Small businesses have options in the final days and weeks of the year that can save time and money. Being flexible about income and expense planning can change the final income amount for tax purposes. Also, reporting deadlines for the IRS are changing in 2017, so using available time to clean up data or delegate administrative tasks is more important now than in the past. Here are four ways to prepare now for 2017:
- Defer income
If possible from a cash flow standpoint, delay invoices so that the business doesn’t receive payment until January 2017 (for cash accounting systems). Businesses on accrual accounting may postpone delivery of goods or services until January 2017 to defer income (if agreeable to customers).
- Accelerate purchases
Larger expenditures reduce profitability, and therefore, tax liability. The vast majority of business equipment is eligible for a Section 179 deduction. This means that businesses can expense/immediately deduct the cost of most equipment up to $500,000 for the first $2,010,000 of property (that doesn’t exceed taxable business income). Qualifiers: Businesses must purchase equipment and place into service prior to midnight on December 31, 2016. The deduction phases out dollar for dollar above $2,010,000, and does not apply to expenses that exceed $2.5 million. Examples of eligible property:
- Equipment/machines for business use
- Computers and off-the-shelf software
- Office equipment (copiers, etc.) and furniture
- Certain business vehicles
- Tangible personal property used for business
Such business equipment or property may also be eligible for 50% bonus depreciation based on type of property and timing. (A tax professional is a good source of advice for depreciation matters.)

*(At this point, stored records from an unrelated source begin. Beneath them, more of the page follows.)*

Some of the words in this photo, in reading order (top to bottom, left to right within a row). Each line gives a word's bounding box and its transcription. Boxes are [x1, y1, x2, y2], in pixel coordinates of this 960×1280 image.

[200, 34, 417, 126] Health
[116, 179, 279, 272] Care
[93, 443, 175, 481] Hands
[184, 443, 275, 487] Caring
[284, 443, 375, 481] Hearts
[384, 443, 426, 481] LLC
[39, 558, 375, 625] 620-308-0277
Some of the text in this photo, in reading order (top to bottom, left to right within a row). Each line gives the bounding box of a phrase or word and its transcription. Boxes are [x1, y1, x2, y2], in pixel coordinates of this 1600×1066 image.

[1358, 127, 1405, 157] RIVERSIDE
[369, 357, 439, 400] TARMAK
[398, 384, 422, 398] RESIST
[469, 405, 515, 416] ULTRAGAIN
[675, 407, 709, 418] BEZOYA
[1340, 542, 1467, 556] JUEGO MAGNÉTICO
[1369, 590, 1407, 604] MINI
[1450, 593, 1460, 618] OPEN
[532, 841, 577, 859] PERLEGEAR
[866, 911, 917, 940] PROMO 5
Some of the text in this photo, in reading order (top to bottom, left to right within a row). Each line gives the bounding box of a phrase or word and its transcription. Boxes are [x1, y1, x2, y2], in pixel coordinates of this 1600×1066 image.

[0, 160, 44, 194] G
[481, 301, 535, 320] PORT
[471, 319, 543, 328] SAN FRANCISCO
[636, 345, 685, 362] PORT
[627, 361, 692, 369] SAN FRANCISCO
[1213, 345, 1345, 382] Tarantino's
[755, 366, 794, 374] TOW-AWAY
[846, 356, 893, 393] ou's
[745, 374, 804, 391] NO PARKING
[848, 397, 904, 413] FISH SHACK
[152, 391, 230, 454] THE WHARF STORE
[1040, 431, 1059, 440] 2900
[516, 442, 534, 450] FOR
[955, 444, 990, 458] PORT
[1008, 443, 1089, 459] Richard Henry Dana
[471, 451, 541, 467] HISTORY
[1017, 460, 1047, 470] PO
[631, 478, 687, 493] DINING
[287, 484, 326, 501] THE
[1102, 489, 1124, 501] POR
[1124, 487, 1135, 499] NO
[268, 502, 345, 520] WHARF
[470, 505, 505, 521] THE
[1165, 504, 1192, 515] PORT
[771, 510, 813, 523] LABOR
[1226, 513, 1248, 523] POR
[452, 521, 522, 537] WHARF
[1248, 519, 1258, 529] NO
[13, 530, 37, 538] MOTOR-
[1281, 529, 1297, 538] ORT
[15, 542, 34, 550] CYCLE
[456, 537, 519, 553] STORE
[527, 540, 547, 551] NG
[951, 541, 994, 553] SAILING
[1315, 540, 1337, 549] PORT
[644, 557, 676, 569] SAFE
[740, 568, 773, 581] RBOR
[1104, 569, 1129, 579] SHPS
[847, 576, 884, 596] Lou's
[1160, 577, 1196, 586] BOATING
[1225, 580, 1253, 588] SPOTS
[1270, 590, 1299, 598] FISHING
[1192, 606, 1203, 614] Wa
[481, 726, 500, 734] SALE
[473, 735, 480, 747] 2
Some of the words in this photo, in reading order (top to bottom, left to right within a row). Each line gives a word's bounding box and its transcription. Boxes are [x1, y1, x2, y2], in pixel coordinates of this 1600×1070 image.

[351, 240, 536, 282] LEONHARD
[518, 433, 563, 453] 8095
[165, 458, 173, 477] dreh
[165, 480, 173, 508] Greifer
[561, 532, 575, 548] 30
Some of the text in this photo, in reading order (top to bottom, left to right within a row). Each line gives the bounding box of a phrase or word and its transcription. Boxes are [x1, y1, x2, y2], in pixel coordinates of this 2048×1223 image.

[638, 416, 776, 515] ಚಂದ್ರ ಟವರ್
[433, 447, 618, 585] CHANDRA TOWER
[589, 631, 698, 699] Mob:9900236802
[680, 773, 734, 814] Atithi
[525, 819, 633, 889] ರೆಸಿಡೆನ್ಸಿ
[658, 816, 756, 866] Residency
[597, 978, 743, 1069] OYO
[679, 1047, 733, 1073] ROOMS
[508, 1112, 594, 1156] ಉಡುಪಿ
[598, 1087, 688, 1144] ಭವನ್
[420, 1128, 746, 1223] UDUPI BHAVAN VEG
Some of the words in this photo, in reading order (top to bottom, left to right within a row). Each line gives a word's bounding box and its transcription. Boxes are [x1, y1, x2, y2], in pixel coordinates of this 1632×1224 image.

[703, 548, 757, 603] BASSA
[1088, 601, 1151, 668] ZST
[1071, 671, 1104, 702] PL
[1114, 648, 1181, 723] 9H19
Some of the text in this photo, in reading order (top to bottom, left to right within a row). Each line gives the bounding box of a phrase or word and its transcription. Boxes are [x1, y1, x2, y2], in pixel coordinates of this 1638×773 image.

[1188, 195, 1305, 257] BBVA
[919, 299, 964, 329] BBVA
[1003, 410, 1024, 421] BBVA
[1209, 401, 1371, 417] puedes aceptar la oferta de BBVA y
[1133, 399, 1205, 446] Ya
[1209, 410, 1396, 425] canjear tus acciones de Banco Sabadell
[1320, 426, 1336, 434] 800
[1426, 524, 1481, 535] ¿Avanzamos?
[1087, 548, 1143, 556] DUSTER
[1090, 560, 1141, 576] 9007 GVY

Remember that if paying for a purchase with a credit card (for cash accounting businesses), the credit card must be paid by year-end for 2016 deductions.
- Make repairs and take care of maintenance
Repairs and maintenance are business expenses that also reduce income and qualify as a tax deduction. The repair or maintenance cost must be considered an ordinary and necessary expense that is common to the type of business.
- Get a jump on administrative details
January is a very busy month, and for 2016 reporting, January 31, 2017 is the deadline to provide Forms W-2 and certain 1099’s to employees, contractors, and the IRS. The rule changed effective with 2016 tax reporting to reduce tax fraud. (The previous gap in time between employee receipt of a Form W-2 and company reporting allowed time for criminals to receive a refund before the IRS was able to verify the data.) Therefore, it’s a good idea to task someone with making sure that employee information (and information for those who left the company during the year) is correct for Form W-2, and that records are up-to-date for contractor and supplier Form W-9 information. Unrelated to the January 31 deadline is the need to document personal use of a company vehicle. The personal use of a company auto is technically income. In the absence of documentation, the full expense of the vehicle use becomes taxable income to the employee who drives the vehicle.